Wednesday, July 3, 2013

O'Malley to Name Mary Ellen Barbera Chief Judge of Maryland's Highest Court // PLUS: Her Views on Warrantless DNA Searches

JUDGE MARY ELLEN BARBERA TO BECOME CHIEF JUDGE IN MARYLAND - A knowledgeable source indicates that Governor Martin O'Malley has selected Judge Mary Ellen Barbera to replace Robert Bell as the Chief Judge of the Maryland Court of Appeals (our highest court). The change in leadership results from Bell having hit a mandatory retirement age. Judge Barbera currently sits on the Court of Appeals, so this is essentially a promotion from within. Barbera was first appointed in 2008 and appears to come from a law enforcement/prosecutor's mindset, having previously worked in the Attorney General's office representing the state against those appealing convictions. Her bio also indicates a past focus on public safety and victims' rights. The Baltimore Sun's Erin Cox confirmed the news this morning, focusing on the fact that Barbera will be the first woman to helm the Court of Appeals (excerpt below):
BALTIMORE SUN: Maryland achieved several milestones Tuesday as Gov. Martin O'Malley named the first woman to lead what will be the first female majority on the state's top court.... Bell is required by law to retire from the Court of Appeals when he turns 70 on Saturday.

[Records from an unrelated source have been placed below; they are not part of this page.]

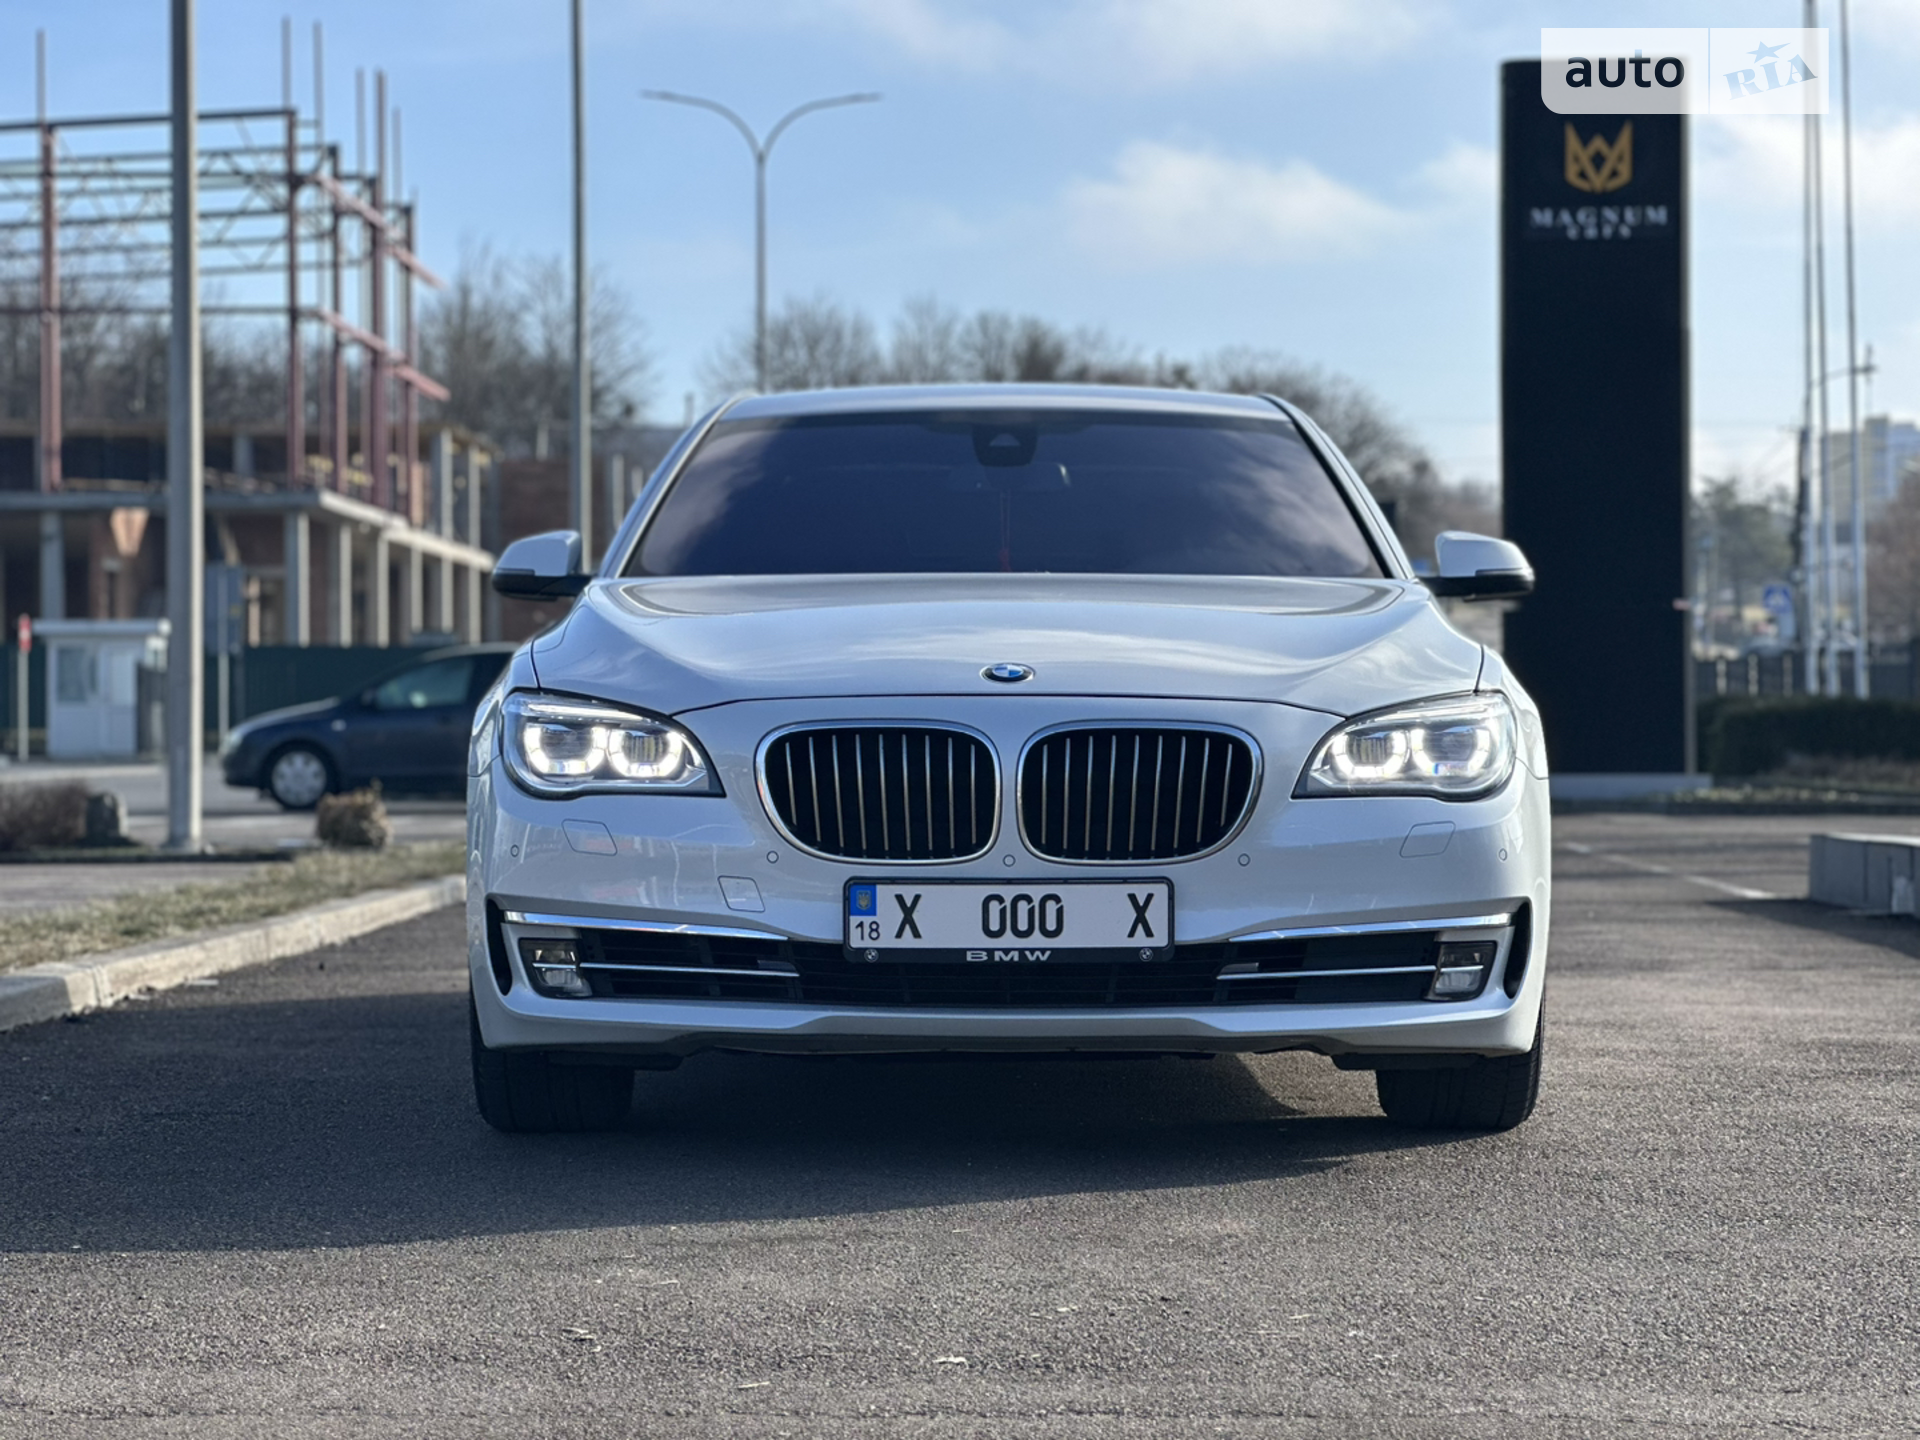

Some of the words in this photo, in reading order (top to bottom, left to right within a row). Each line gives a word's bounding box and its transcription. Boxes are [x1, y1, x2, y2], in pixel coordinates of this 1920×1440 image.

[1530, 206, 1667, 227] MAGNUM
[894, 894, 922, 939] X
[982, 893, 1065, 939] 000
[1127, 893, 1155, 939] X
[855, 921, 881, 941] 18
[966, 951, 1052, 962] BMW
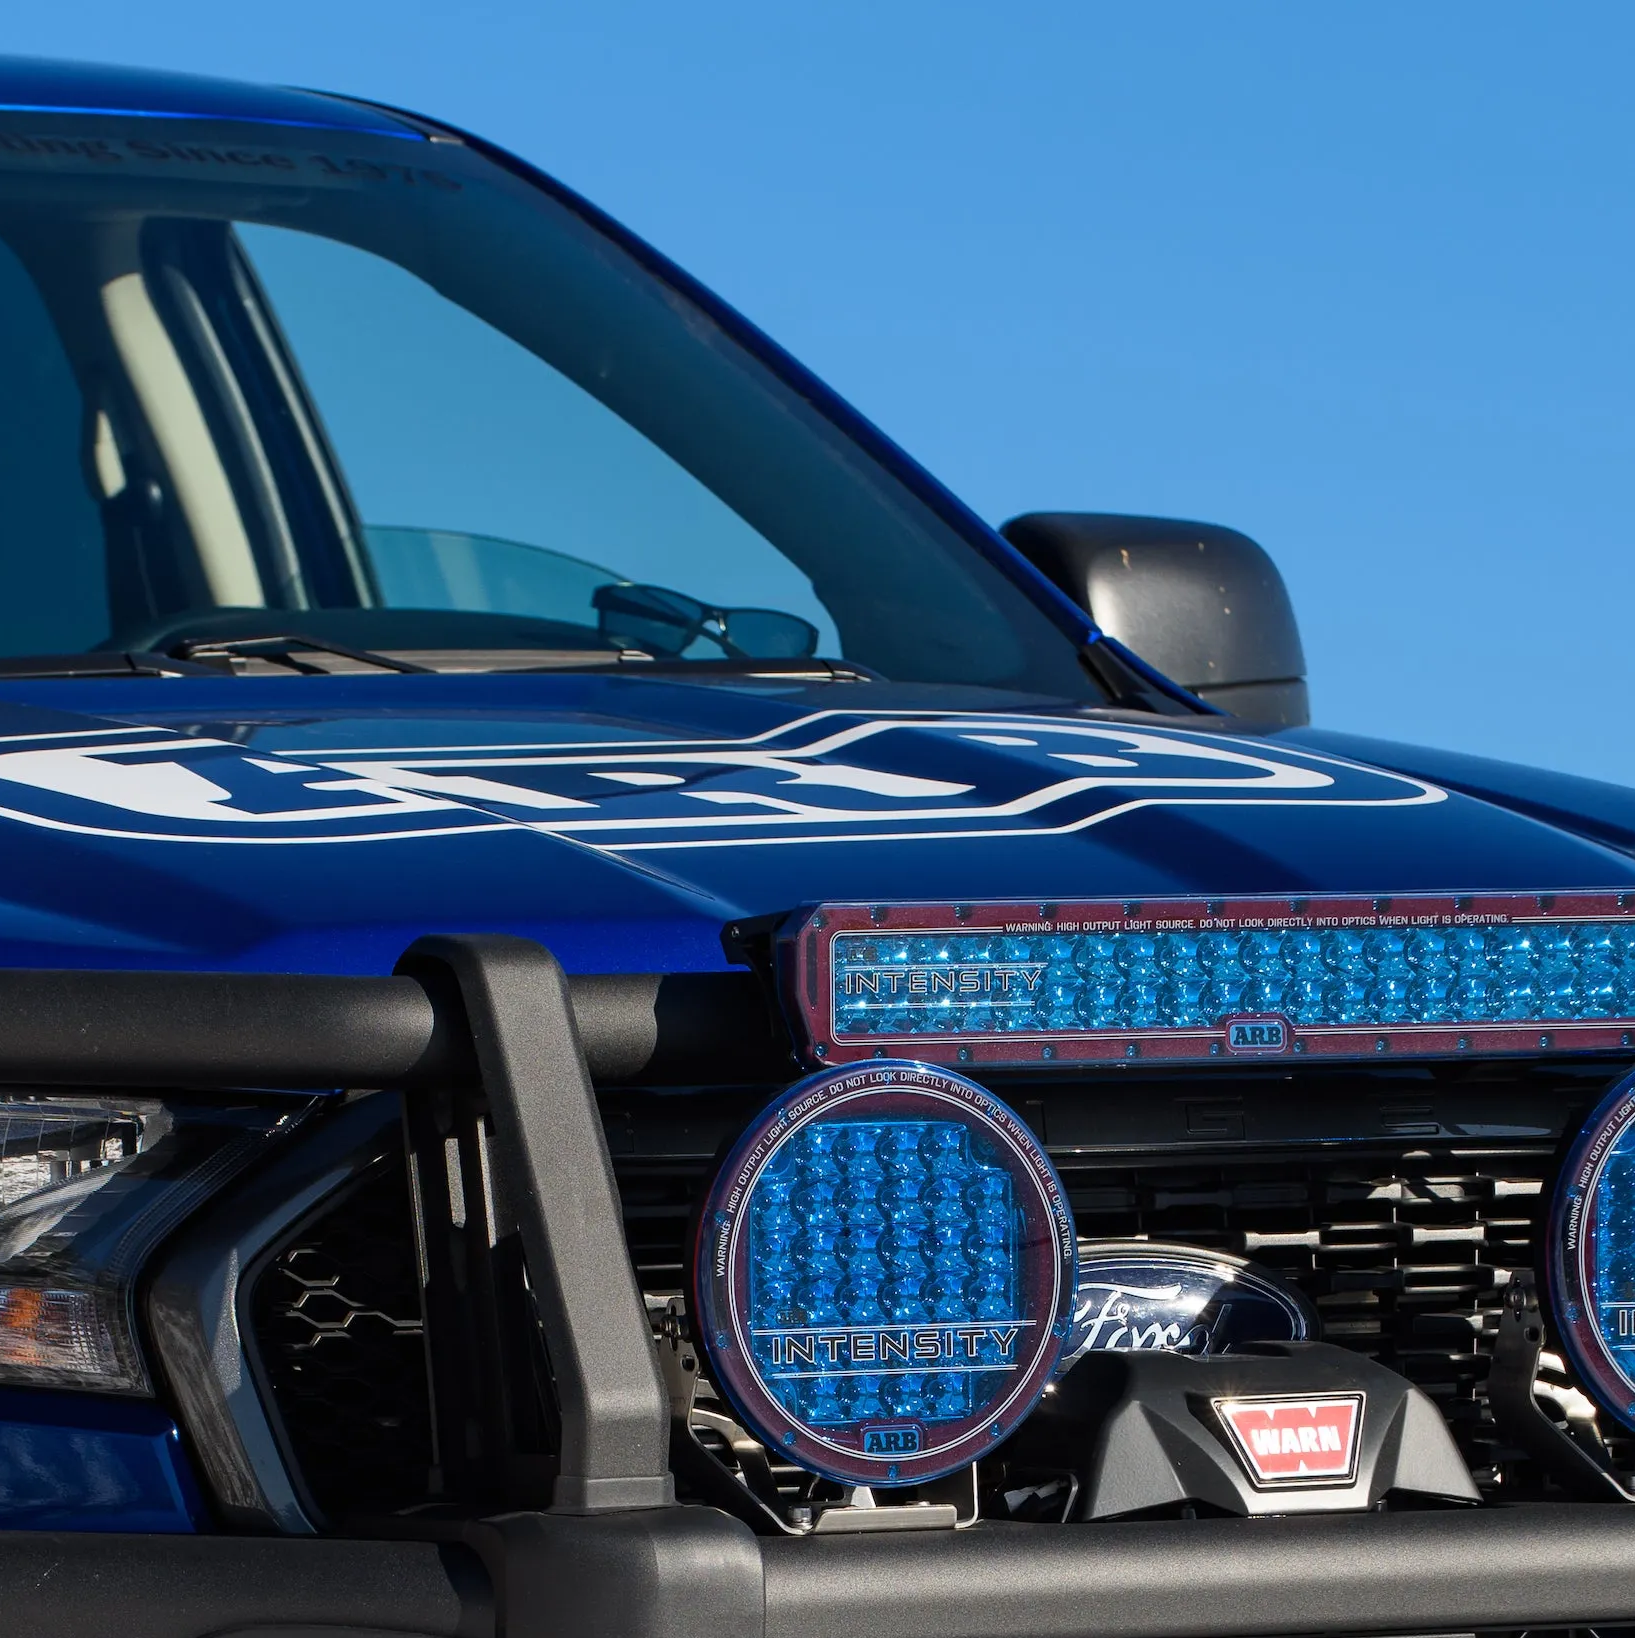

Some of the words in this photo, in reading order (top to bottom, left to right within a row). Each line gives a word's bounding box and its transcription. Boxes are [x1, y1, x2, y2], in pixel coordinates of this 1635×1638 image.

[125, 138, 297, 171] Since
[1006, 922, 1053, 933] WARNING:
[1056, 921, 1080, 932] HIGH
[1082, 921, 1121, 931] OUTPUT
[1124, 920, 1153, 931] LIGHT
[1155, 918, 1197, 930] SOURCE.
[1199, 918, 1214, 929] DO
[1214, 917, 1235, 929] NOT
[1238, 917, 1264, 928] LOOK
[1267, 916, 1313, 928] DIRECTLY
[1316, 916, 1339, 927] INTO
[1341, 915, 1376, 926] OPTICS
[1379, 915, 1409, 926] WHEN
[1411, 914, 1438, 925] LIGHT
[1441, 914, 1451, 924] IS
[1454, 913, 1510, 925] OPERATING.
[844, 969, 1042, 995] INTENSITY
[1233, 1026, 1281, 1046] ARB
[1578, 1162, 1594, 1189] HIGH
[1589, 1122, 1616, 1161] OUTPUT
[716, 1219, 731, 1278] WARNING:
[726, 1186, 742, 1214] HIGH
[738, 1143, 765, 1186] OUTPUT
[763, 1116, 790, 1147] LIGHT
[787, 1089, 828, 1120] SOURCE.
[829, 1082, 844, 1096] DO
[845, 1074, 866, 1089] NOT
[869, 1071, 897, 1083] LOOK
[900, 1071, 949, 1089] DIRECTLY
[950, 1081, 974, 1100] INTO
[974, 1094, 1007, 1123] OPTICS
[1007, 1119, 1034, 1151] WHEN
[1029, 1149, 1052, 1179] LIGHT
[1046, 1180, 1057, 1194] IS
[1052, 1193, 1073, 1260] OPERATING.
[772, 1327, 1019, 1365] INTENSITY
[865, 1429, 919, 1454] ARB
[1251, 1424, 1343, 1457] WARN

O'Malley elevated Court of Appeals Judge Mary Ellen Barbera to be chief — the highest-ranking judge in Maryland — and he appointed Court of Special Appeals Judge Shirley M. Watts to take the seat of retiring Chief Judge Robert M. Bell.... Watts, 54, was appointed to the Court of Special Appeals in 2011, following nine years as a Baltimore City Circuit Court judge and stints as an assistant state's attorney and federal public defender.

JUDGE BARBERA'S DEFENSE OF WARRANTLESS DNA SEARCHES - Maryland Juice admits to not knowing much about Barbera's legal philosophy, though a simple Google search turns up some commentary from her defending Maryland's recent controversial law allowing police to gather and warehouse DNA samples from those arrested for certain crimes. The Supreme Court's recent 5-4 ruling upholding the controversial law leaves the door open for collection of DNA from suspects whether or not they are actually convicted. Those caught in the DNA dragnet could later have their genetic material searched by the police for completely unrelated crimes, potentially allowing cops to engage in DNA fishing expeditions -- without a search warrant or articulable suspicion.

The Public Defenders office criticized the law, and a 5-2 majority of the Maryland Court of Appeals thought Maryland lawmakers went too far. But Barbera was one of the two dissenting Judges who thought that allowing police to collect and warehouse the DNA of crime suspects for future use was a kosher practice. The Daily Record's Steven Lash wrote about the battle of legal opinions between Judge Glenn Harrell who wrote the majority opinion ruling DNA dragnets illegal, and Barbera, who defended the practice (excerpt below):
DAILY RECORD:  “We simply will not allow warrantless, suspicionless searches of biological materials without a showing that accurate identification was not possible using ‘traditional’ methods,” [Judge Glenn] Harrell added....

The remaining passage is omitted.